● Try it:
Restate the following entries exactly. Keep the pictures out.

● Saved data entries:

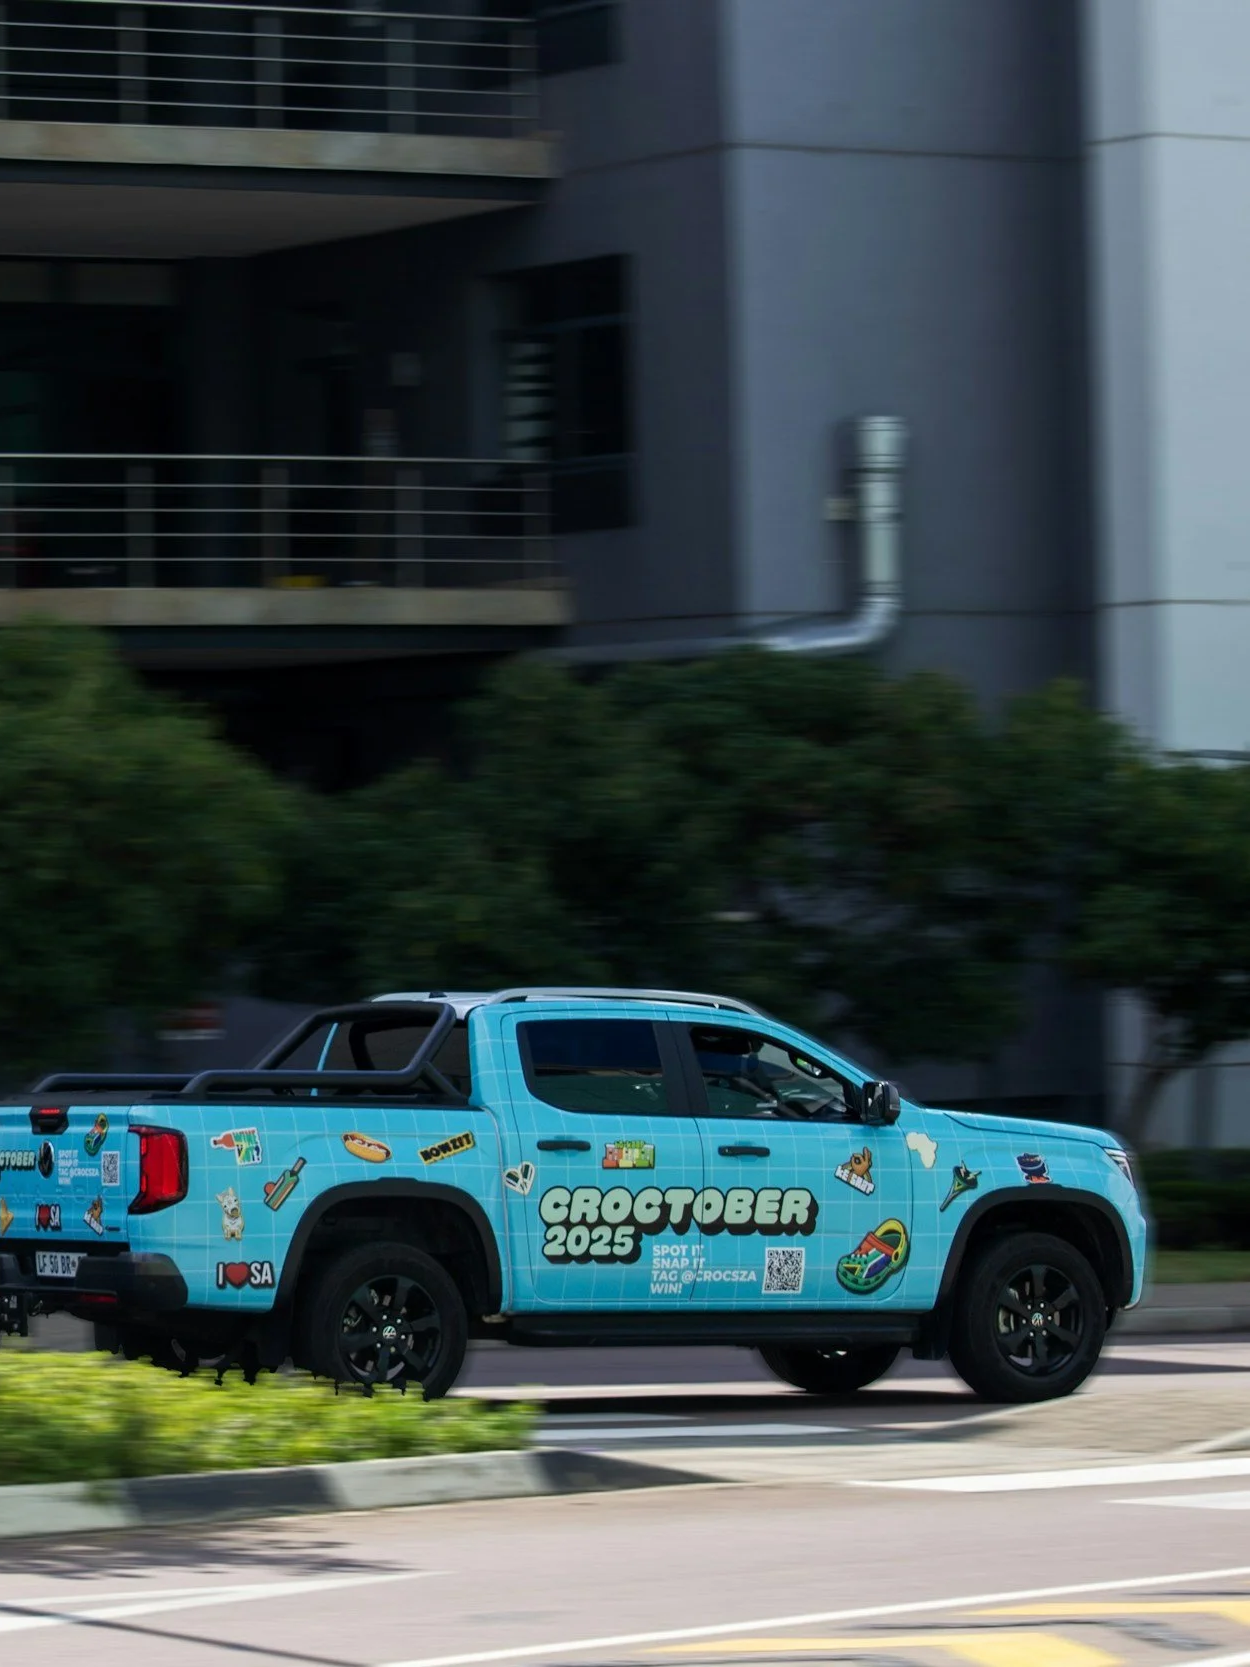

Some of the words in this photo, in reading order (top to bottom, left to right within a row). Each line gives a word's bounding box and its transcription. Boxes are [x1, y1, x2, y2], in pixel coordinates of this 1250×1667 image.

[50, 1204, 61, 1228] SA
[539, 1186, 815, 1230] CROCTOBER
[541, 1225, 638, 1259] 2025
[652, 1245, 688, 1257] SPOT
[691, 1245, 705, 1257] IT
[652, 1257, 689, 1269] SNAP
[693, 1257, 706, 1269] IT
[250, 1262, 273, 1285] SA
[651, 1270, 678, 1281] TAG
[681, 1270, 757, 1284] @CROCSZA
[650, 1282, 682, 1294] WIN!

● Solution for this task:
Some of the words in this photo, in reading order (top to bottom, left to right within a row). Each line gives a word's bounding box and its transcription. Boxes are [x1, y1, x2, y2], in pixel coordinates of this 1250×1667 image.

[50, 1204, 61, 1228] SA
[539, 1186, 815, 1230] CROCTOBER
[541, 1225, 638, 1259] 2025
[652, 1245, 688, 1257] SPOT
[691, 1245, 705, 1257] IT
[652, 1257, 689, 1269] SNAP
[693, 1257, 706, 1269] IT
[250, 1262, 273, 1285] SA
[651, 1270, 678, 1281] TAG
[681, 1270, 757, 1284] @CROCSZA
[650, 1282, 682, 1294] WIN!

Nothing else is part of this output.